A Walk in the Park

During my depression, my world narrowed.  I just didn’t want to go anywhere.  My life was lived inside coffee shops, on the couch watching television, sitting in my office with the door closed.  There was something deadening about this.  In hindsight, I guess I felt that doing something else wouldn’t make a difference anyway.

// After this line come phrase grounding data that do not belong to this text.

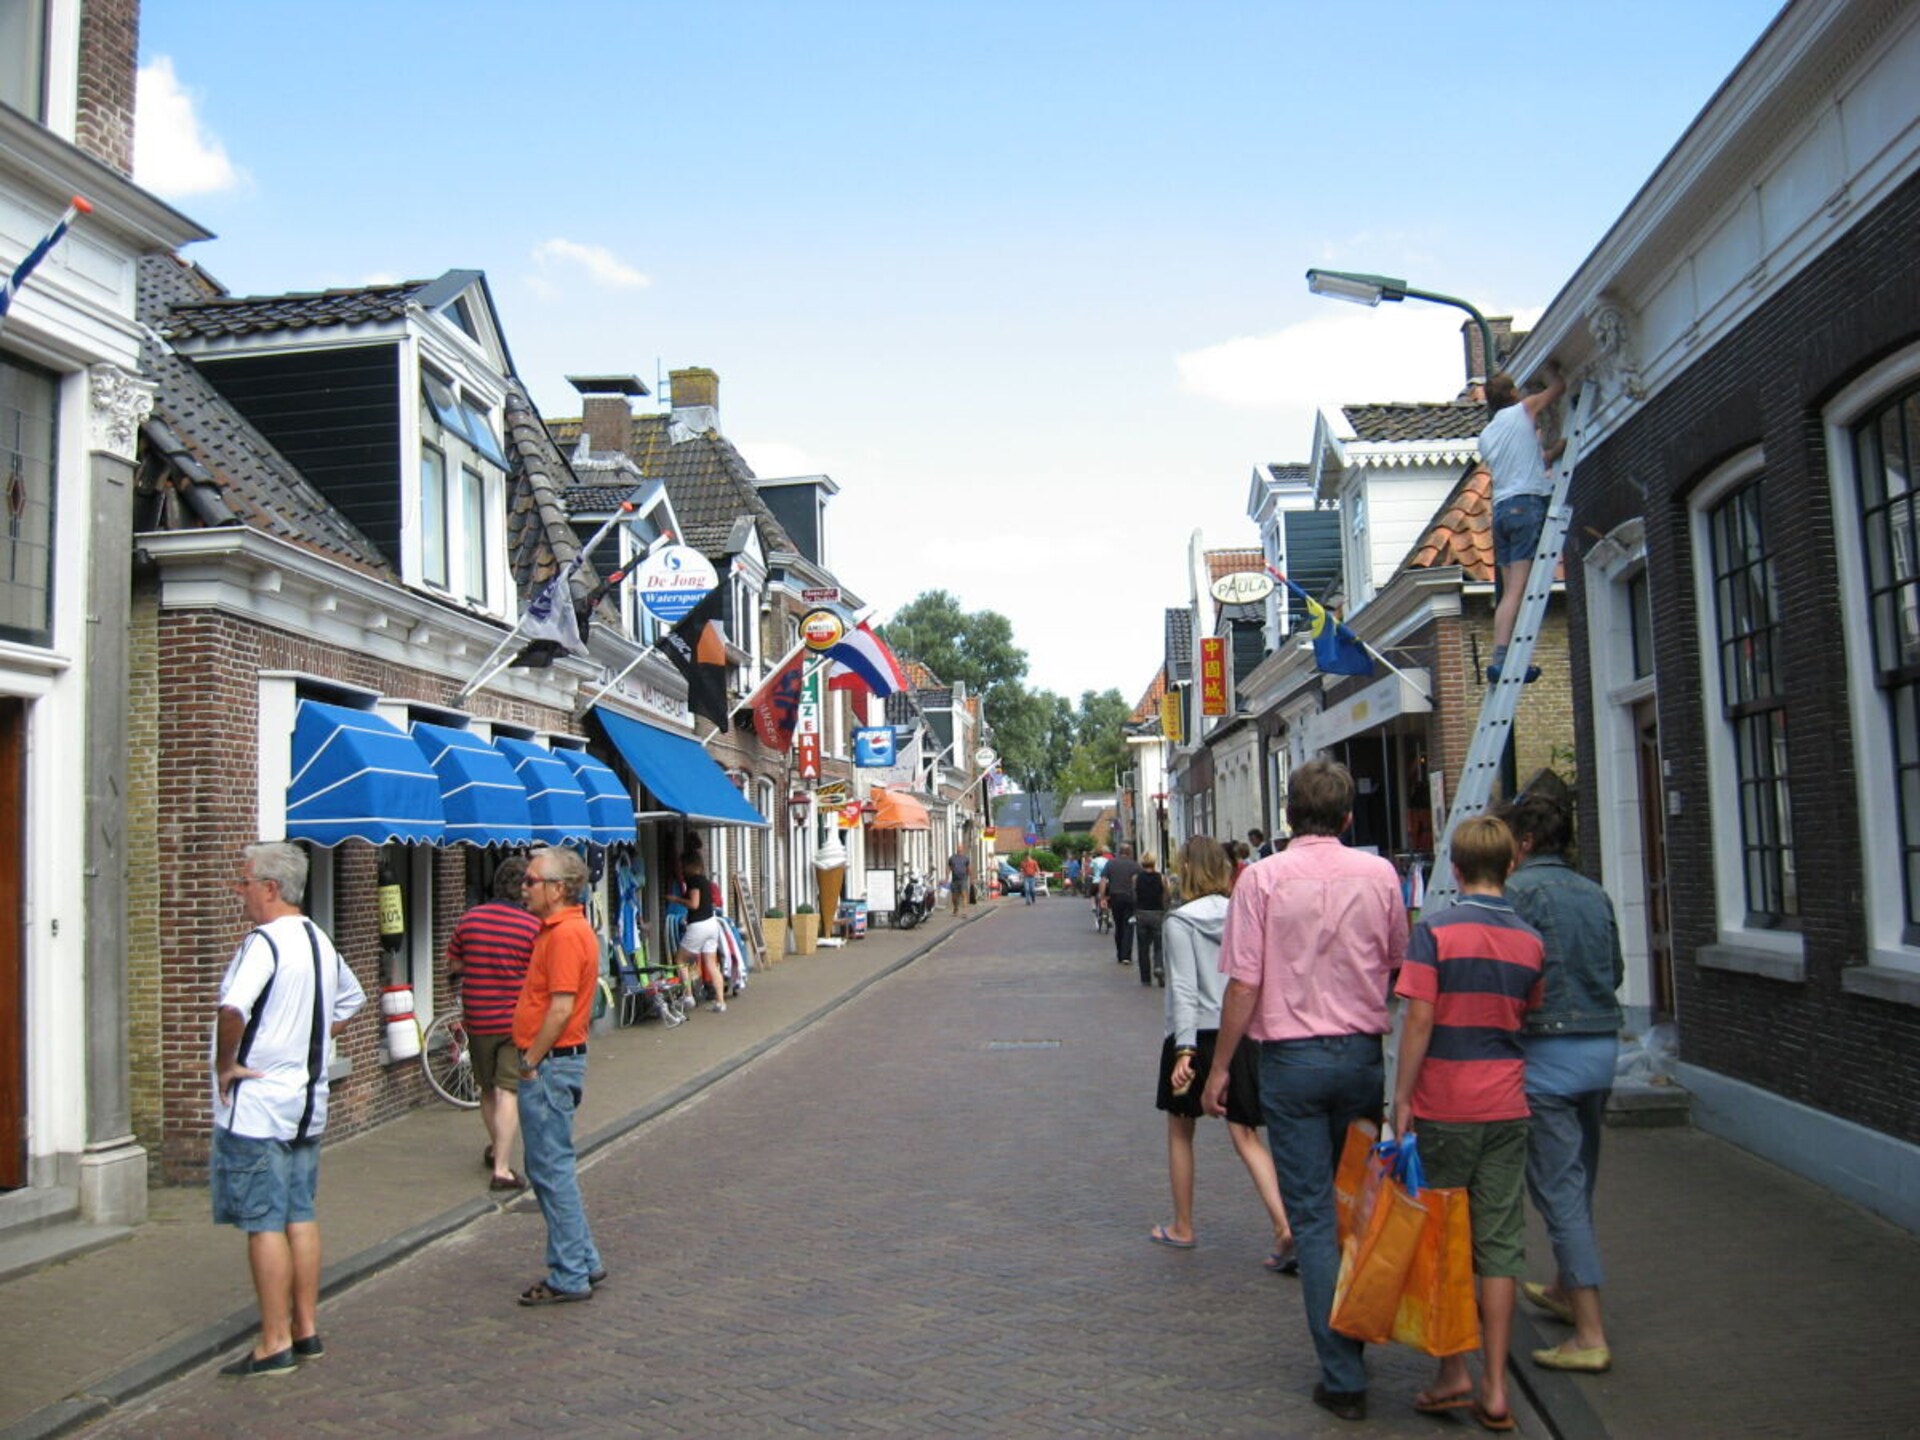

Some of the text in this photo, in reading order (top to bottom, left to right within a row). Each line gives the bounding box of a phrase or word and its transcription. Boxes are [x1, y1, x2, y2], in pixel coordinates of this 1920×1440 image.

[647, 574, 706, 589] De Jong
[1218, 575, 1268, 602] PAULA
[857, 731, 892, 741] PEPSI
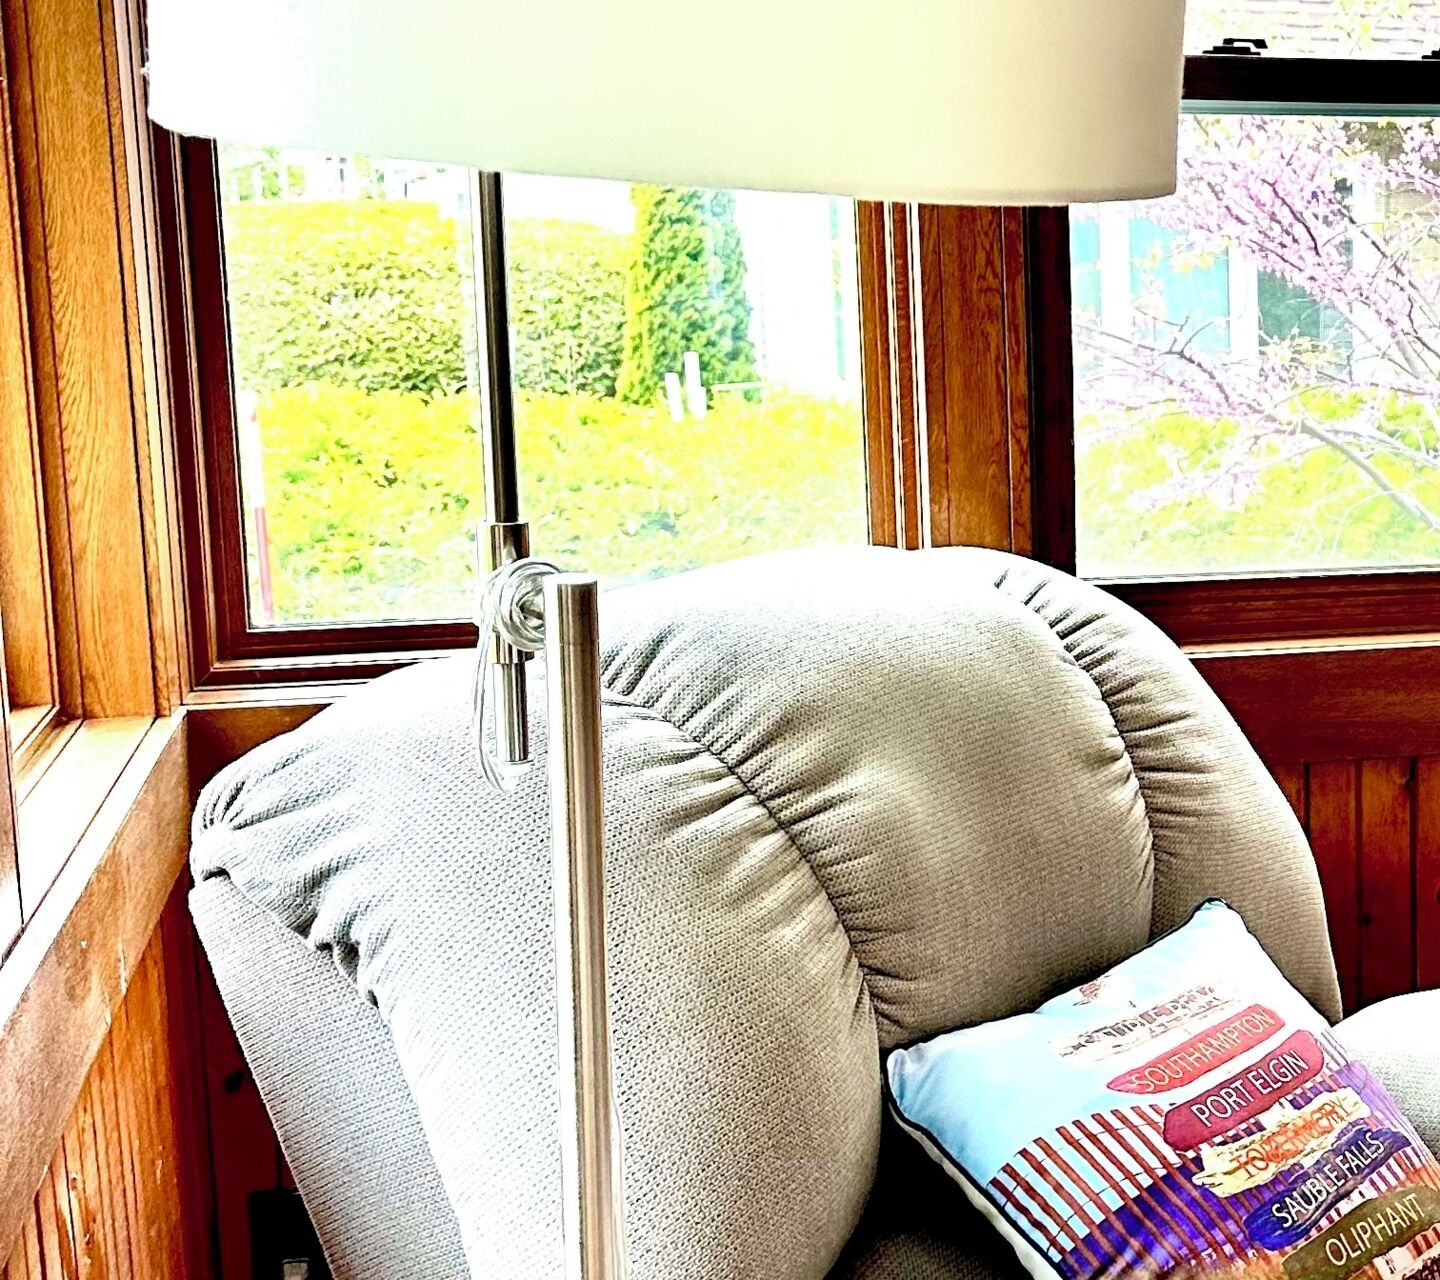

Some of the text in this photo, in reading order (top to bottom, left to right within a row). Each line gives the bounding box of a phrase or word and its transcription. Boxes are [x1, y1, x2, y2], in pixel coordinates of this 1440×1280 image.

[1131, 1009, 1276, 1092] SOUTHAMPTON
[1191, 1049, 1309, 1127] PORT ELGIN
[1272, 1131, 1384, 1228] SAUBLE FALLS
[1325, 1193, 1425, 1266] OLIPHANT
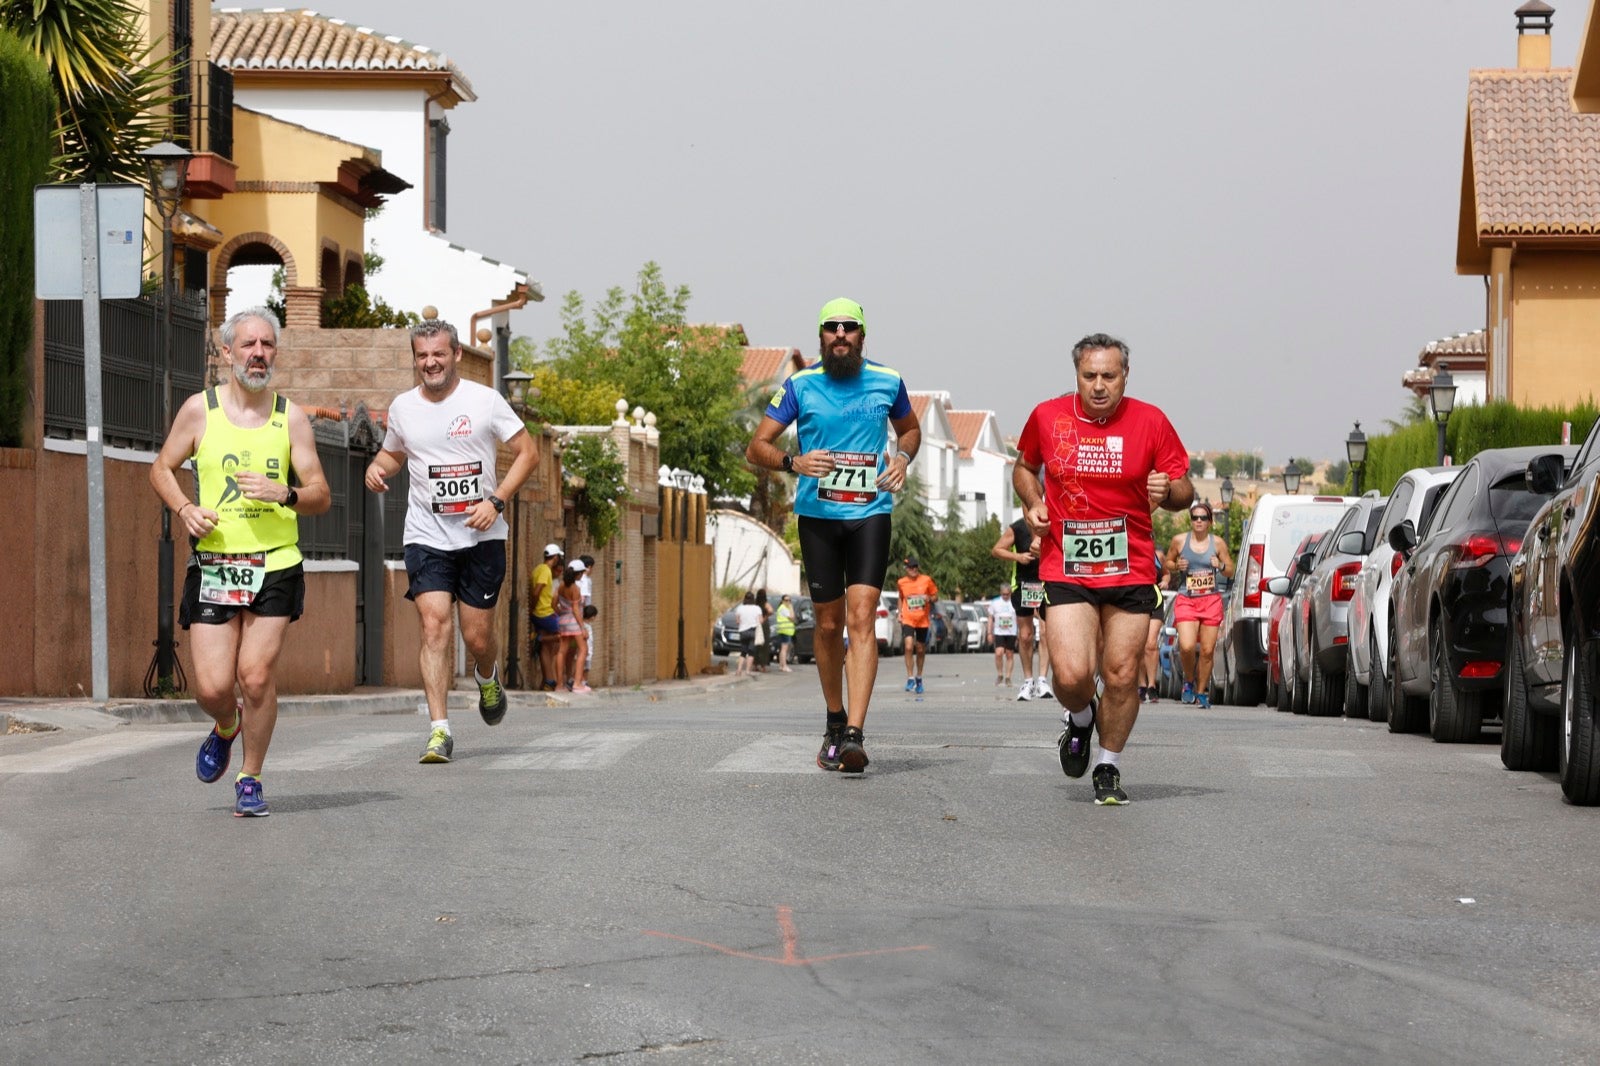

I have learned over the years that nature is a powerful antidote to depression.  Being in nature does make a difference.  Maybe it’s because there is such power in nature.  It’s always in motion, isn’t it?  There isn’t any clinical depression in nature.  Humans evolved from the natural world, not from concrete and office towers.  One study found that a walk in a park or countryside reduced depression whereas walking in a shopping center or urban setting increased depression.  This summer, I am going to reconnect to nature by taking my daughter on nature walks.  During these times, I just want to let my incessant conversation with my depression go and let nature speak to me.

A favorite poem of mine, “Wild Geese”, by Mary Oliver, speaks to me of the beauty and healing power of the natural world:

You do not have to be good – You do not have to walk on your knees for a hundred miles through the desert, repenting.  You only have to let the soft animal of your body love what it loves.  Tell me about your despair, and I will tell you mine.  Meanwhile the world goes on.

Meanwhile the sun and the clear pebbles of the rain are moving across the landscapes, over the prairies and the deep trees, the mountains and the rivers.  Meanwhile the wild geese, high in the clean blue air, are heading home again.

Whoever you are, no matter how lonely, the world offers itself to your imagination, calls to you like the wild geese, harsh and exciting- over and over announcing your place in the family of things.